WORK ITEM. The data needs to be returned in full, exactly as it reads.
Top of SUPPLIED DATA
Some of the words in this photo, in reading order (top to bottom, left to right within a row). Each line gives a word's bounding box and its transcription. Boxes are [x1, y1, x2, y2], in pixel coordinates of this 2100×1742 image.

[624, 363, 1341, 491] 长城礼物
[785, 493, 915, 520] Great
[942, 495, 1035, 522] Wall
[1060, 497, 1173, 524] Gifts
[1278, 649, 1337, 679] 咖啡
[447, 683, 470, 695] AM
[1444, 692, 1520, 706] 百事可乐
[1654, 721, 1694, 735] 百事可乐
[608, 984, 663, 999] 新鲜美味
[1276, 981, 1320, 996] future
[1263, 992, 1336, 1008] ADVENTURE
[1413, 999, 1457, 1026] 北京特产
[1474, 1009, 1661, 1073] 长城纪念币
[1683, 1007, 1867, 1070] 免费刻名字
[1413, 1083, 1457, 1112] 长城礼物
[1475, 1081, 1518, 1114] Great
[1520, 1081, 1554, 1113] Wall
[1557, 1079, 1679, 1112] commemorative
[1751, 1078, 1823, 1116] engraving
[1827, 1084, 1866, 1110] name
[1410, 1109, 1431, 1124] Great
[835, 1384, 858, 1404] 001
Bottom of SUPPLIED DATA
SOLUTION TO THIS PROBLEM.
Some of the words in this photo, in reading order (top to bottom, left to right within a row). Each line gives a word's bounding box and its transcription. Boxes are [x1, y1, x2, y2], in pixel coordinates of this 2100×1742 image.

[624, 363, 1341, 491] 长城礼物
[785, 493, 915, 520] Great
[942, 495, 1035, 522] Wall
[1060, 497, 1173, 524] Gifts
[1278, 649, 1337, 679] 咖啡
[447, 683, 470, 695] AM
[1444, 692, 1520, 706] 百事可乐
[1654, 721, 1694, 735] 百事可乐
[608, 984, 663, 999] 新鲜美味
[1276, 981, 1320, 996] future
[1263, 992, 1336, 1008] ADVENTURE
[1413, 999, 1457, 1026] 北京特产
[1474, 1009, 1661, 1073] 长城纪念币
[1683, 1007, 1867, 1070] 免费刻名字
[1413, 1083, 1457, 1112] 长城礼物
[1475, 1081, 1518, 1114] Great
[1520, 1081, 1554, 1113] Wall
[1557, 1079, 1679, 1112] commemorative
[1751, 1078, 1823, 1116] engraving
[1827, 1084, 1866, 1110] name
[1410, 1109, 1431, 1124] Great
[835, 1384, 858, 1404] 001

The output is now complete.